The Court went on to hold that the practice also fails constitutional scrutiny because it is improperly coercive, for three reasons:
First, the Board of Commissioners directs the public to participate in the prayers at every monthly meeting. . . In Town of Greece, “board members themselves stood, bowed their heads, or made the sign of the cross during the prayer,” but “they at no point solicited similar gestures by the public.” Rather, it was the clergy who asked audience members to participate in the prayer. The Supreme Court reasoned that, because this direction came from the clergy, it was inclusive, not coercive. Here, it is the Board of Commissioners, and the Board of Commissioners only, that tells the public to join in the prayer. What is more, these instructions are almost always from the Chairman. The Chairman presides over the meeting; his words are cloaked in procedural formality. The words “rise” and “assume a reverent position” from the Chairman, therefore, are not mere suggestions, they are commands. . .

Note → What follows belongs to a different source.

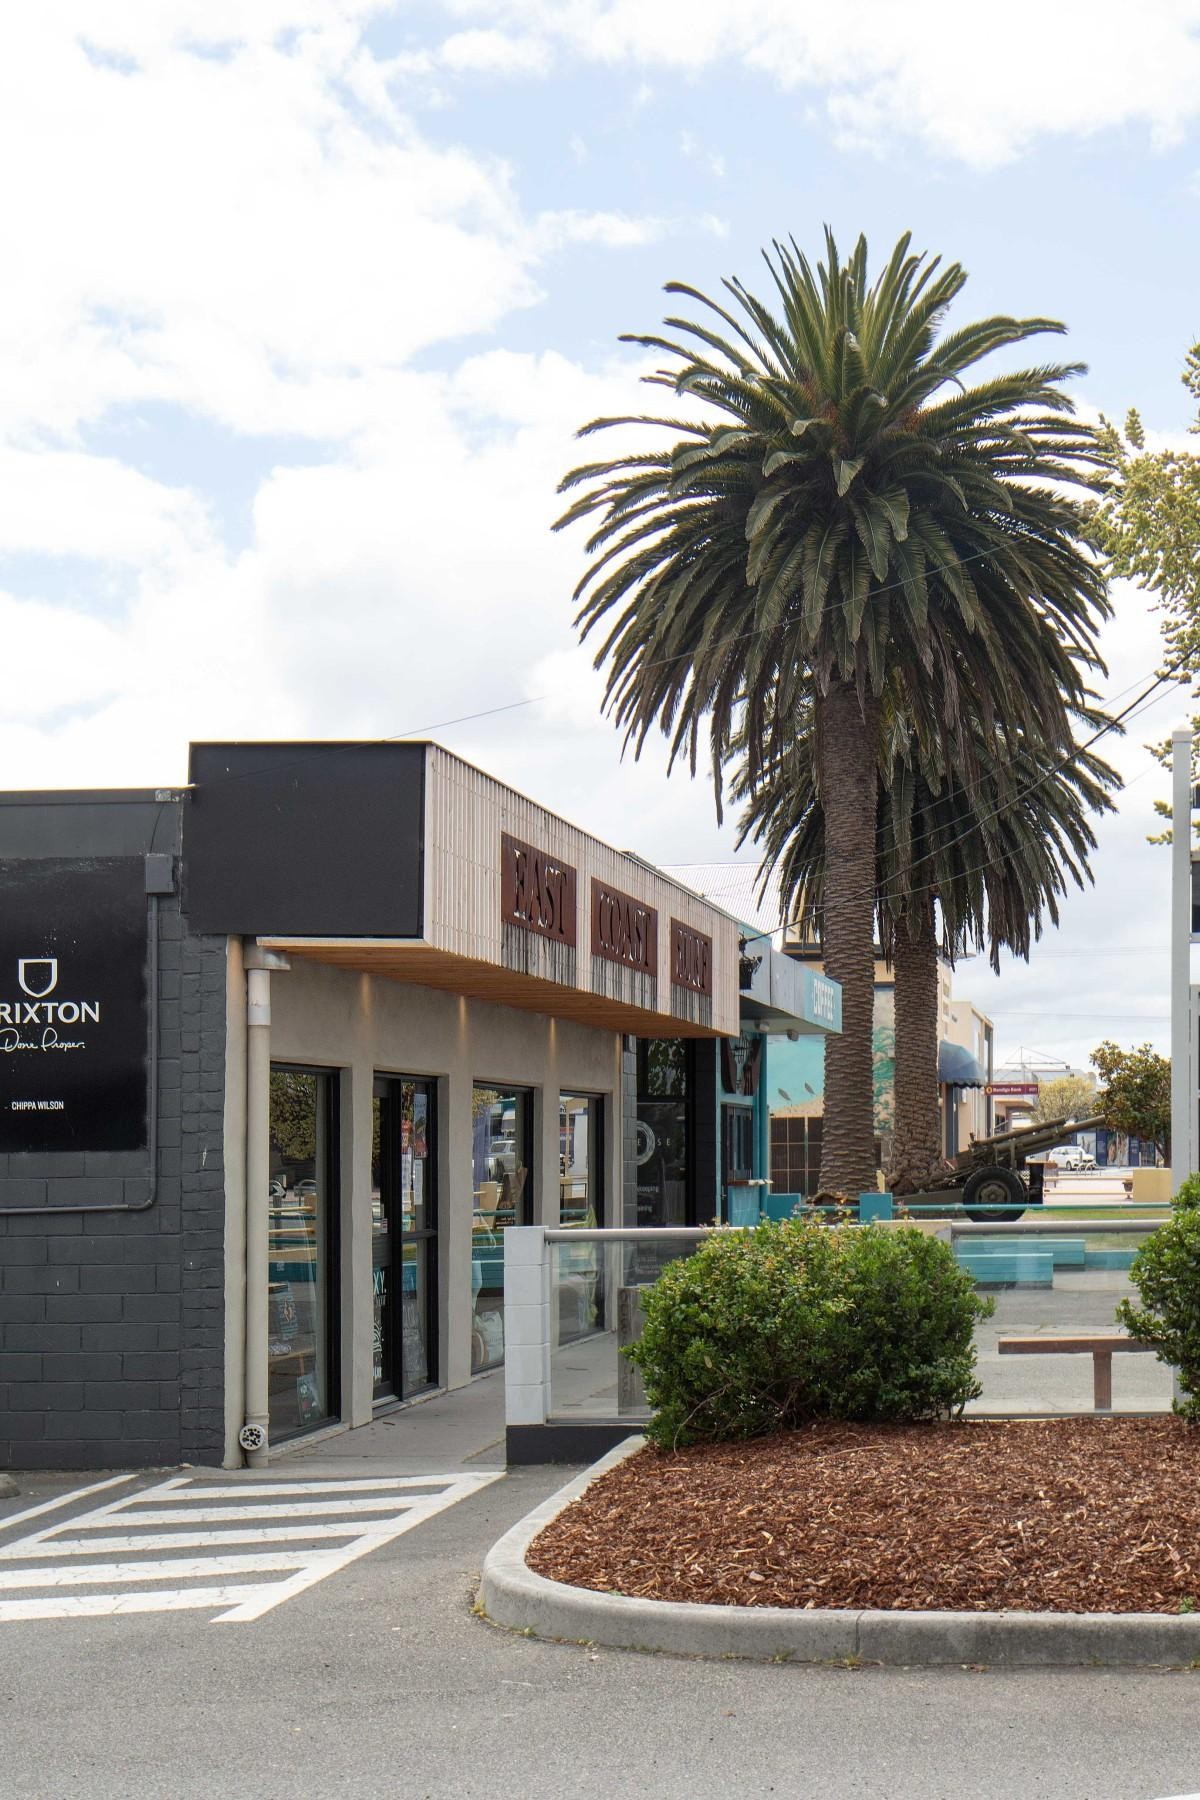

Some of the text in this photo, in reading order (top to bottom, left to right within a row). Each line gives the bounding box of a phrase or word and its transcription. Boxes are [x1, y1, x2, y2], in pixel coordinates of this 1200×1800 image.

[513, 847, 709, 989] EAST COAST SURF
[11, 1101, 64, 1110] CHIPPA WILSON

Second, the Board of Commissioners has singled out [the plaintiff, Peter] Bormuth for opprobrium. During a public meeting, a Commissioner stated that Bormuth’s lawsuit was an “attack on Christianity and Jesus Christ, period.” Another Commissioner characterized Bormuth’s lawsuit as “political correctness nonsense” and complained that he has “had political correctness jammed down [his] throat.” That Commissioner continued:
The Federalist Papers, if you read them, tell me that it is your duty to disobey an illegal law. And it has taken some nitwit two hundred-and-some years to come up with an angle like this to try to deprive me or other people, of my faith, of my rights.
In disparaging Bormuth, the Board of Commissioners’ message is clear: residents who refuse to participate in the prayers are disfavored. Indeed, when Bormuth expressed his belief that the Board of Commissioners was violating the First Amendment during the public-comment period of the August 2013 meeting, one of the Commissioners made faces and then turned his back on Bormuth, refusing even to look at Bormuth while he spoke.
Third, Bormuth has submitted evidence suggesting that the Board of Commissioners has “allocated benefits and burdens based on participation in the prayer.” Shortly after Bormuth filed his complaint, Jackson County officials nominated members for the County’s new Solid Waste Planning Committee from a pool of applicants. Although Bormuth had three years of experience working on related issues, the Board of Commissioners did not nominate him. Given that the Commissioners had publicly expressed their contempt for Bormuth, the Board of Commissioners’ decision not to nominate him could easily be interpreted as a response to Bormuth’s refusal to participate in the prayers.
Lastly, the Court acknowledged that the 4th Circuit reached a different conclusion in a similar (but not identical) case (see post here), Lund v. Rowan County (NC). But the majority stated that it found the dissenting opinion in that case the more persuasive view. The 4th Circuit has agreed to re-hear Lund en banc.